La salvaguardia forestale nel corso dei secoli è stata possibile grazie al fatto che i Mijikenda non hanno disboscato, né danneggiato la vegetazione. Il divieto di abbattere alberi veniva raramente violato, poiché i trasgressori, secondo le credenze dei Mijikenda, soccombono all’ira degli spiriti.

Oltre alle tombe degli antenati, le foreste sacre nascondono le vestigia di numerosi villaggi fortificati dei Mijikenda. Infatti, il termine “kaya” nella lingua dei Mijikenda significa “casa”. Un tempo questo popolo si rifugiò proprio in queste aree forestali per sfuggire ai nemici.

La fitta foresta aveva un ruolo difensivo e, al contempo, era fonte di benessere materiale, nonché luogo per coltivare la dimensione spirituale.

Da territori abitati, questi sacri habitat boschivi sono diventati sempre più spazi intrisi di una forte spiritualità, che permette ai Mijikenda di creare una continuità tra le varie generazioni.

Come è stato rilevato da vari analisti, le foreste Kaya sono elemento caratteristico determinante dell’identità dei Mijikenda.

Tuttavia, a causa del processo di modernizzazione/urbanizzazione, negli ultimi anni si è assistito a un declino dei saperi tradizionali e del rispetto di antiche pratiche.

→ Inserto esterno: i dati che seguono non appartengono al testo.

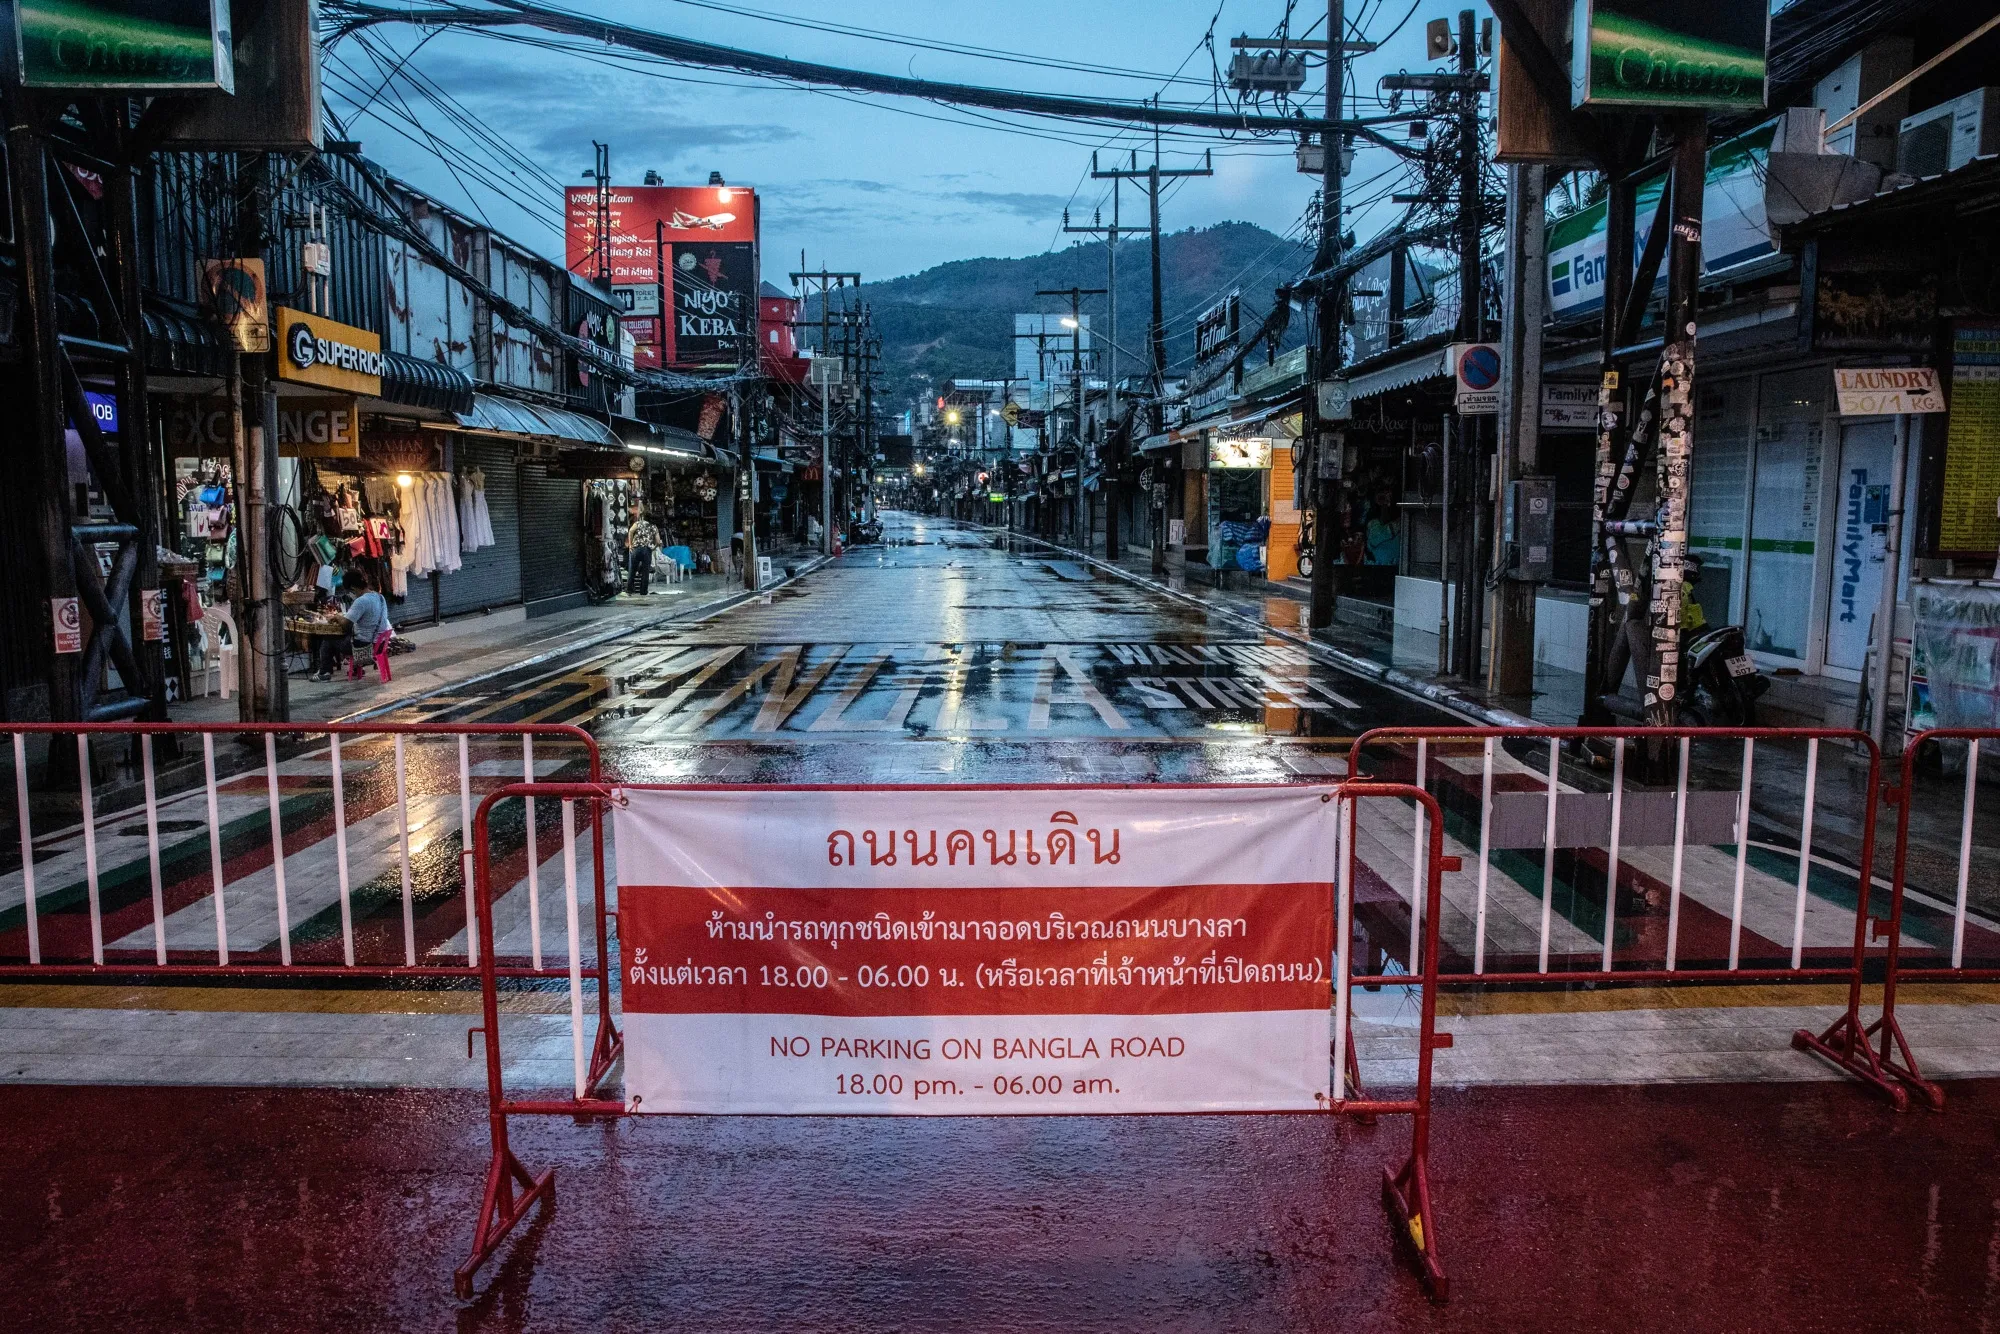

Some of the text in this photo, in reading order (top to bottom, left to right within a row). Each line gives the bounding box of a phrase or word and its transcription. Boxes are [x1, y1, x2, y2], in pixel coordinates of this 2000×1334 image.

La coesione sociale nella comunità si è indebolita e frammentata, per effetto della migrazione e dell’istruzione dei giovani. Ciò rappresenta una minaccia alla conservazione della biodiversità di queste foreste.

Per questi motivi, a partire dal 1992 le foreste Kaya sono state riconosciute come patrimoni nazionali e alcune sono diventate anche riserve forestali protette.

Nel 2008, le foreste dei Mijikenda sono diventate Patrimonio mondiale dell’umanità. Una scelta che mette in luce l’importanza di questi siti sacri non solo dal punto di vista naturalistico, ma anche culturale e antropologico.